The Spectator’s assistant editor Isabel Hardman has distanced herself from columnist Rod Liddle’s latest musings for the weekly magazine, which have been met with claims of Islamophobia and sexism.
Hardman published a statement on Twitter this morning, after Liddle’s column was published online, in which she said she “profoundly disagrees” with his comments and was “hugely upset” by the piece.
Liddle’s column is on the upcoming UK general election. He has since said the suggestions he makes within it are “patently a joke” following a backlash online from journalists and politicians.
He wrote in his article: “It was principally the student vote that won Canterbury for the sobbing and oppressed Rosie ‘#MeToo’ Duffield. Please don’t let that happen again.
“My own choice of election date would be a day when universities are closed and Muslims are forbidden to do anything on pain of hell, or something. There must be at least one day like that in the Muslim calendar, surely?
“That would deliver at least 40 seats to the Tories, I reckon.”
Spectator editor Fraser Nelson has also come under fire for publishing the piece.
Duffield fought to hold back tears in an emotional address to Parliament last month when she described her own experience of domestic abuse (see video below).
"When they ask you out, they don't present their rage… they don't threaten, criticise, control, yell"
MPs applaud and comfort Labour's Rosie Duffield, as she shares her own experience of being in an abusive relationshiphttps://t.co/PYcqQW6grt pic.twitter.com/mCxcy45Adf
— BBC Politics (@BBCPolitics) October 2, 2019
Hardman said: “I have nothing to do with pieces that go into the magazine other than the ones I write myself but do not want anyone to think I somehow agree [with] what he has said about Muslims voting, and I do not believe they are funny or worth writing.
“Similarly, I know personally just how strong and brave survivors of domestic abuse are and Rosie Duffield is one of the finest among us.”

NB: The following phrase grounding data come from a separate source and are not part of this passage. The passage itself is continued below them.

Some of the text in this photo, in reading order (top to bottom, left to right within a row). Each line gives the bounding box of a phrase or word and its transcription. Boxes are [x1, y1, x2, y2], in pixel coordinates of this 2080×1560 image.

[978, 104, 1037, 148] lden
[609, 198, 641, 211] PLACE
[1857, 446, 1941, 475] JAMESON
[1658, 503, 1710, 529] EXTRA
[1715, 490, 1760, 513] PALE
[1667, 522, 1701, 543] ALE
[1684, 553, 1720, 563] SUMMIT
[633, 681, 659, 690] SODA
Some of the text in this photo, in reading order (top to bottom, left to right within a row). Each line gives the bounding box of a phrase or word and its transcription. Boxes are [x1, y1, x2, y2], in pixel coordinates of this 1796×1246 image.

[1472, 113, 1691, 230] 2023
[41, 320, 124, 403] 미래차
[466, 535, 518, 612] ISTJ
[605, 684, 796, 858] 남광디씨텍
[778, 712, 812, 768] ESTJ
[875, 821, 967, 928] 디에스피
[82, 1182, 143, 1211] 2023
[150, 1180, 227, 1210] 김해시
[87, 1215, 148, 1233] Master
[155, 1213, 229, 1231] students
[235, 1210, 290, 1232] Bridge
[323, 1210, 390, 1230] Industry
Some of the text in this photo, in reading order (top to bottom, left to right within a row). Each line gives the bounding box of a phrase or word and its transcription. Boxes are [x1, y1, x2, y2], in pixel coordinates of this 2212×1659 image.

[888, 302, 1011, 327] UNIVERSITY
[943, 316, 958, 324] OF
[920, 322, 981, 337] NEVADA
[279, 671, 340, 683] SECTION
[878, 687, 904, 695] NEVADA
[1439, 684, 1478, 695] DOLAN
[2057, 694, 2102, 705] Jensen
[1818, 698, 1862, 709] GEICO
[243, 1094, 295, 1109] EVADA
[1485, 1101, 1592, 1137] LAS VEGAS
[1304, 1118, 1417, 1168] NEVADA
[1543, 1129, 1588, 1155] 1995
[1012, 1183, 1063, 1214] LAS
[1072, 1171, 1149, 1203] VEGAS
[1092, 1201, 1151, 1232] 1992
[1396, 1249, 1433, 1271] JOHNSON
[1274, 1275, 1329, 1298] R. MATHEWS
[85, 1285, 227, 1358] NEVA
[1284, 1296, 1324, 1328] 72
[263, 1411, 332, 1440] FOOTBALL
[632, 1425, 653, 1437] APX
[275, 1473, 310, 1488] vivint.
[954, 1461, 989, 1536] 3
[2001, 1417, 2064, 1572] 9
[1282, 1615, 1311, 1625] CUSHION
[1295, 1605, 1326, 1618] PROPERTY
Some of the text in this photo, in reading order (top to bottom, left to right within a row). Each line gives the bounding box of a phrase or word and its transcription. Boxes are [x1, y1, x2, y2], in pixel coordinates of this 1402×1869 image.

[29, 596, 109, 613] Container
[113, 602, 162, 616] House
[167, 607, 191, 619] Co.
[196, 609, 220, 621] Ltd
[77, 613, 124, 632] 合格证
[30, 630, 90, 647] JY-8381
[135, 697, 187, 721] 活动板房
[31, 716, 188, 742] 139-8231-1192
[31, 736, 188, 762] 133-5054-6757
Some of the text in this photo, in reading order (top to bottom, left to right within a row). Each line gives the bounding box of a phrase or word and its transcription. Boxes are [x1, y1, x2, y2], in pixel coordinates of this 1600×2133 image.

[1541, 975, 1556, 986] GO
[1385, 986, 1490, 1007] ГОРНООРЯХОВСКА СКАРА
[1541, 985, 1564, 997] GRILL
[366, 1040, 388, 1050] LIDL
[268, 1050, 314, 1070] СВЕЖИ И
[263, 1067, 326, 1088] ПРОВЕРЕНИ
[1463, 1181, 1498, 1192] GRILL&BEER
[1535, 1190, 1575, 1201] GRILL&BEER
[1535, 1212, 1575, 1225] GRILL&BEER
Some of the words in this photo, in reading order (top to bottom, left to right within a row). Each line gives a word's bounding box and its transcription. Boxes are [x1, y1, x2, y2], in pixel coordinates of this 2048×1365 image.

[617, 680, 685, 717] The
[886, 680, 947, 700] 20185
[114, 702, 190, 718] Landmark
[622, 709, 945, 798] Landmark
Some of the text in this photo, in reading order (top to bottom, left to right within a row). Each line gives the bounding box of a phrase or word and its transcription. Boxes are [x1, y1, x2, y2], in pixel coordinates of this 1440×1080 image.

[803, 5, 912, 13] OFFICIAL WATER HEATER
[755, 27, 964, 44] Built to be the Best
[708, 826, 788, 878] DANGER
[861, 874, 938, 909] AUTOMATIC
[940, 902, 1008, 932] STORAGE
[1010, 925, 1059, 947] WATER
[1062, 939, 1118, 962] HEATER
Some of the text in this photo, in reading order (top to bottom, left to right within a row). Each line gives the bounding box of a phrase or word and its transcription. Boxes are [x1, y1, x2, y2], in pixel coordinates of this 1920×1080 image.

Labour MP Liam Byrne has described Liddle’s “suggestion to disenfranchise Muslim voters” as “disgusting” and the “epitome of Islamophobia”.
In a letter, shared online, he has asked BBC director general Lord Tony Hall to no longer invite Liddle or Nelson on as contributors to BBC programmes.
Chancellor Sajid Javid tweeted: “Not clear if the Rod Liddle comment is supposed to be a joke – but it’s not funny and not acceptable. No community in our country should be put down that way.”
The Independent Press Standards Organisation, which regulates the Spectator, has said eight people have complained to it about the column.
Responding to the “fury and outrage” over his piece in a follow-up article earlier, Liddle said his words had been “ripped, as ever, out of context”.
He said: “There was no hate speech or Islamophobia whatsoever in my piece. None was meant, none intended and none should be taken.
“It was a very light-hearted series of suggestions about when to hold an election, based upon the silly dispute over the proposed dates for the election. It was patently a joke.”
He said the suggestions he had made on when to hold the poll were “obviously ludicrous” and “satirical in manner”.
In a comment piece published in April, Nelson said the power of editors over their writers was “comically overstated”.
“I’m struck by the number of politicians who imagine that there’s a hierarchy: that editors shape the opinions of columnists who, in turn, shape opinions of readers,” he said.
“The truth, I’m afraid, is that the hierarchy works in the other way.”